Sure Shot

Paul Blow

I’m writing from the thin, eight-degree air of Jackson Hole, Wyoming. A cold snap arrived a couple of days before I did, leaving a fresh coat of white and a cryogenic stillness in the air. This morning’s snow clouds lifted back to reveal a perfectly blue sky, framing jagged, whitewashed mountains. An inspiring sight, to be sure, though it can only be enjoyed momentarily from outside, since the temperature is dropping. It’s the kind of weather that begs for a shot of something fiery, rich, and warming—and I’m not talking about Tabasco Sauce.
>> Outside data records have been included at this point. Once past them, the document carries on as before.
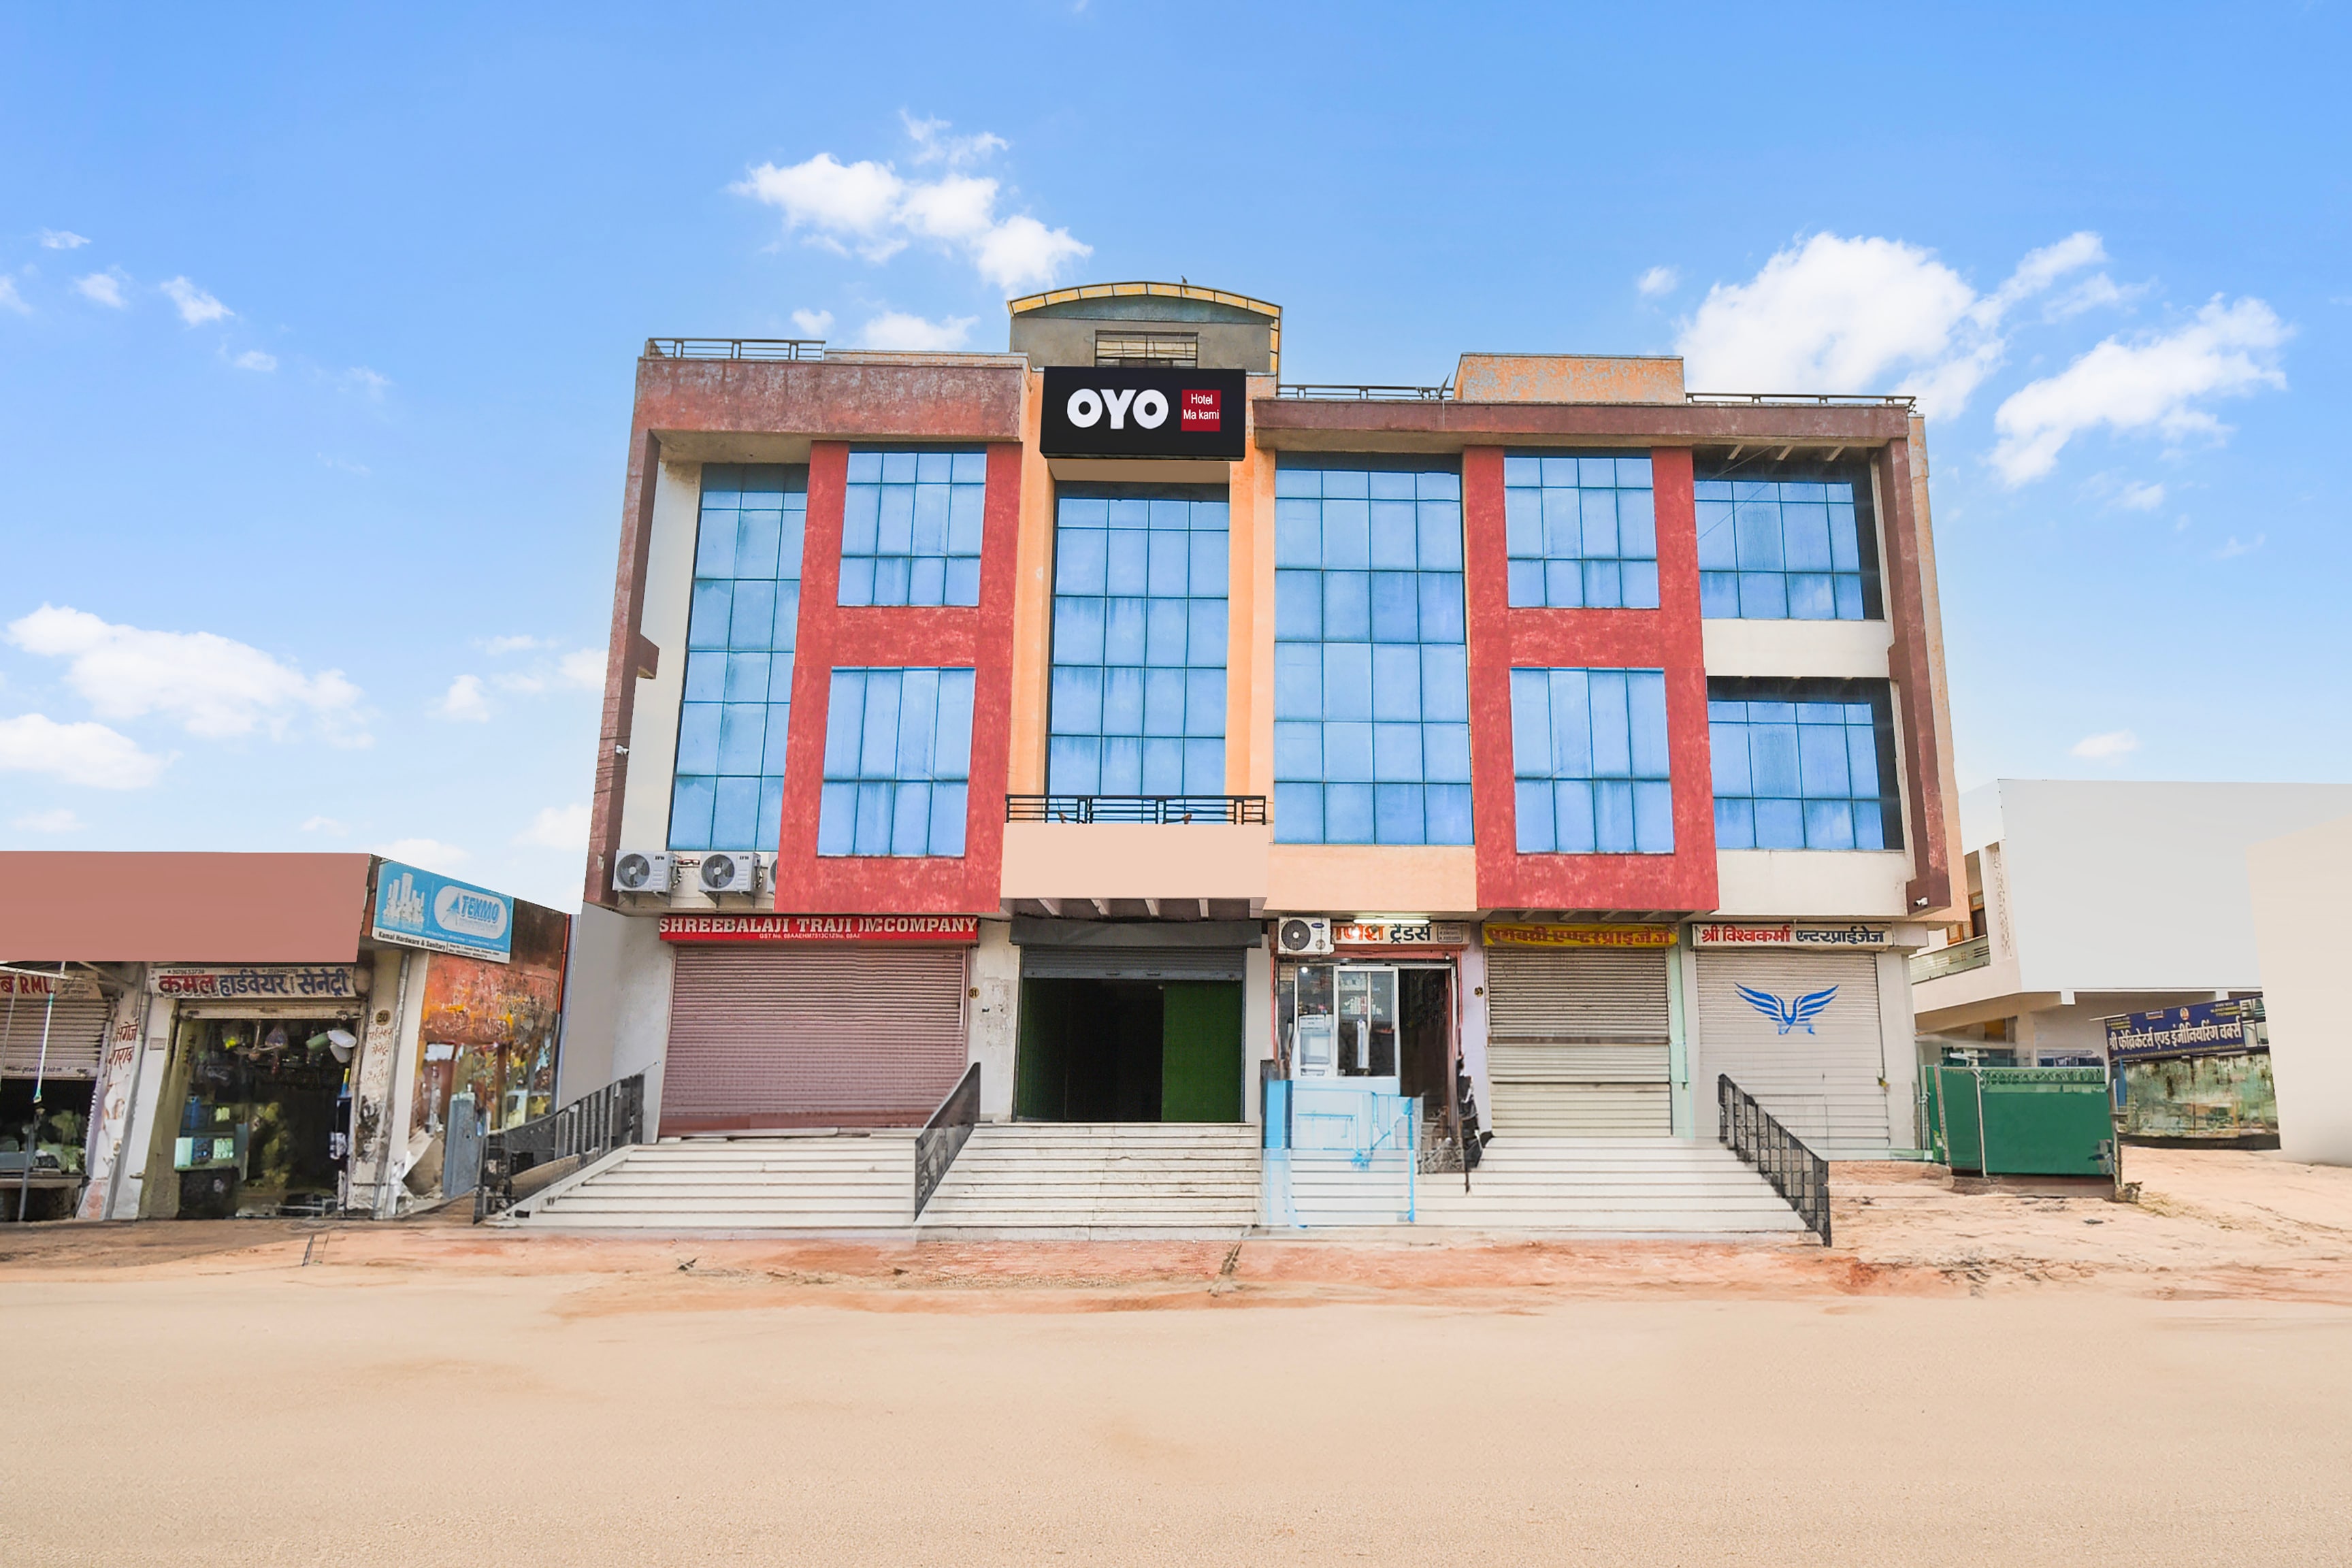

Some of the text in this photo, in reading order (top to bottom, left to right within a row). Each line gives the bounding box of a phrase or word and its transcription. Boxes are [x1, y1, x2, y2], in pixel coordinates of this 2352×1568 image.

[1191, 393, 1213, 405] Hotel
[1067, 389, 1169, 429] OYO
[1183, 409, 1220, 420] Ma kami
[461, 896, 500, 924] TEXMO
[378, 931, 395, 940] Kamal
[396, 934, 420, 945] Hardware
[1701, 924, 1719, 942] श्री
[1722, 924, 1791, 942] विश्वकर्मा
[159, 975, 217, 994] कमल
To be clear, in dangerously cold weather it’s not a good idea to drink hard alcohol, Cognac-carrying Swiss St. Bernards aside. The warming effect of liquor—that burn trailing down the gullet like a jet trail, the static tingle that prickles your fingers—is only temporary. Alcohol causes capillaries to dilate, shifting blood flow to the surface of the body, just under the skin where nerve endings lie. The rush of blood makes you feel warmer for a moment, but it will lower your core temperature and, if continued, lead to hypothermia. Buzzkill indeed.

But sitting around in near-zero temperatures is not the best way to enjoy a shot anyway. It’s much better to get out of the cold, settle down next to a roaring fire, and sip on one of the high-proof, cask-strength (undiluted) whiskies recommended below. They’re becoming more popular now, and there are some inherent advantages to bottling straight from the cask. For one, these spirits are not chill-filtered, leaving all original flavors intact. Also, cask-strength whiskies allow the drinker to dilute them to preference. Some people prefer stronger sips.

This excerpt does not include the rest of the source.